“O olhar de um
rebelde, que nos prova ser ainda possível inventar ou pelo menos reinventar o
cinema” “O resultado é uma saga fascinante sobre o (im)possível regresso à
natureza, com um excelente Emile Hirsch no papel principal” - João Antunes, Jornal de Notícias.
Com o título original “Into
The Wild” foi escrito e realizado por Sean Penn, com os actores principais: Emile
Hirsch, Marcia Gay Harden, William Hurt.
O Lado Selvagem é
inspirado numa história verídica de Christopher McCandless (Emile Hirsch), um
jovem que abandona a sua vida de conforto para procurar a liberdade total na
estrada, uma viagem que o leva até ao lado selvagem do Alasca e ao seu maior
desafio.
O Lado Selvagem retracta
na primeira pessoa a vida de Christopher
McCandless protagonizada brilhantemente pelo actor Emile Hirsch. Com 22 anos de
idade e com o curso universitário terminado, resolve deixar os privilégios
socias de pertencer a uma família com poder económico e de prestígio social, e
ir à aventura em busca de si próprio. Este filme é uma viagem ao mais recôndito
que a natureza humana têm, o voltar à natureza que o tem afastado através da
evolução humana. Transforma-se para nós que vivemos no pseudo conforto da
sociedade ocidental, num vagabundo que não se identifica com os padrões que a
sociedade tomou. Com a experiência dessa aventura ele descobre as suas
capacidades, ultrapassando obstáculos e conhecendo pessoas que vivem nos
confins da outra realidade americana ou toda aquela que está fora das grandes metrópoles.

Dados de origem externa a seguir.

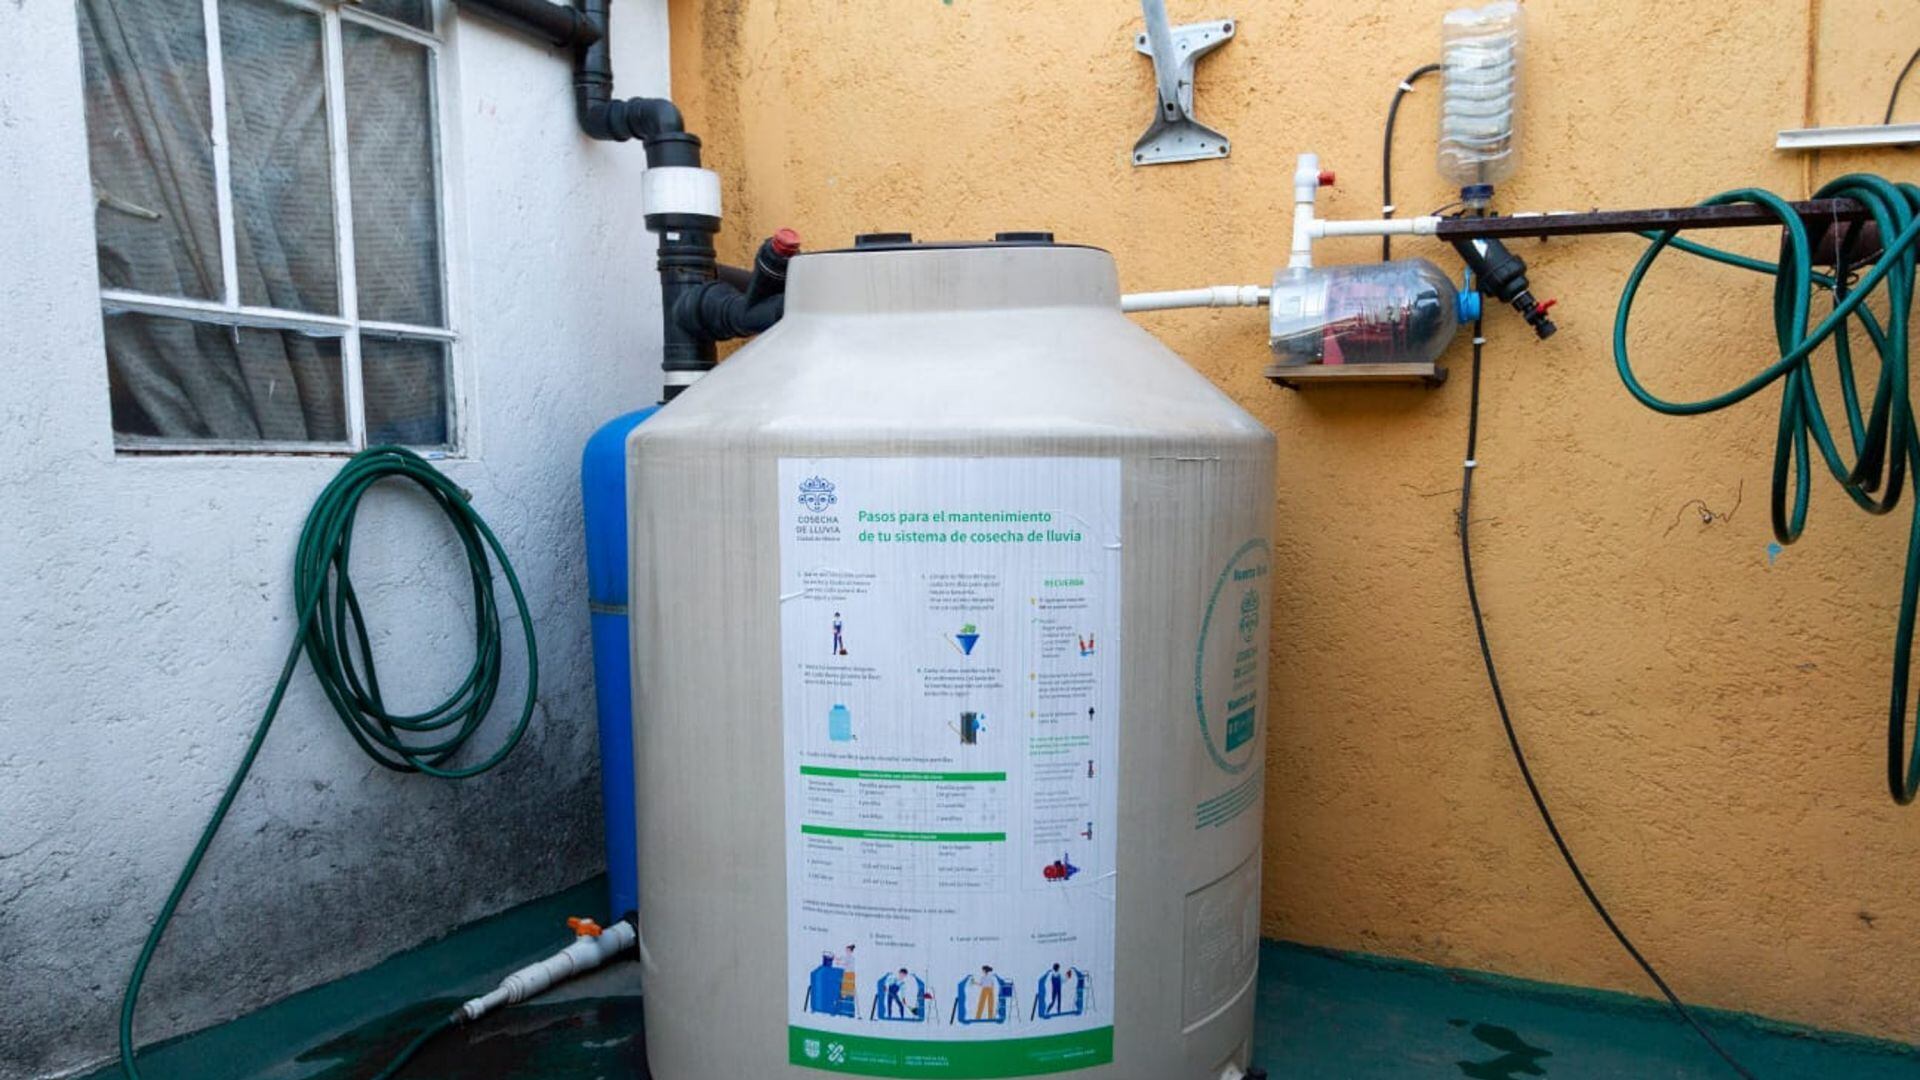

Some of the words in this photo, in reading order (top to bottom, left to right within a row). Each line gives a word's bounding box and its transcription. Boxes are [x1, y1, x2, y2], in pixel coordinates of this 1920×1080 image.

Nesses locais ainda é possível conhecer gente honesta sem qualquer tipo de
interesses, e onde prevalece a amizade. Ser vagabundo acaba por ser também uma
opção emotiva para muitos que ambicionam liberdade, mas que são incapazes de
sair do seu casulo cómodo.
O Lado Selvagem começa
com uma citação poética de Lord Byron:
Há um prazer nas florestas desconhecidas;
Um entusiasmo na costa solitária;
Uma sociedade onde ninguém penetra;
Pelo mar profundo e música em seu rugir;
Amo não menos o homem, mas mais a natureza.
Esta entrada é sobretudo
um aviso à navegação dos espectadores, preparando-os para o que se vai
desenrolar na tela. Como todos os filmes, é um filme para pessoas que pensam, mas que
pensam mesmo pela sua cabeça e não pela das outros. Porventura outros não
encontrarão mais nada senão um delírio de um estudante que só teria era que
aproveitar a vida que tinha pela frente. Nada mais egoísta para assim pensar,
mas, cada um tem o seu livre arbítrio, e pode efetuar as escolhas que acha que
lhe são úteis, desde que não prejudique todos os outros, o que não acontece na
grande maioria dos casos. A ditadura das maiorias perante as minorias é uma
farsa social que só comtempla mesmo os farsolas ditadores. A vida, tal como a
conhecemos é uma mentira, bem evidente e salientada pelo protagonista principal
e aventureiro. Diz ele não preciso de dinheiro,
torna as pessoas cautelosas. O dinheiro é sem dúvida uma das monumentais
invenções humanas, que como tudo na vida tem o seu lado bom e o lado mau. Sendo
que a meu ver o lado mau é muito superior. Torna as pessoas escravas da vida e
dos interesses económicos e financeiros de um país. Christopher McCandless,
cita Thoreau, “mais do que o amor, do que
o dinheiro, do que a fé, do que a fama, do que a justiça, dêem-me verdade”.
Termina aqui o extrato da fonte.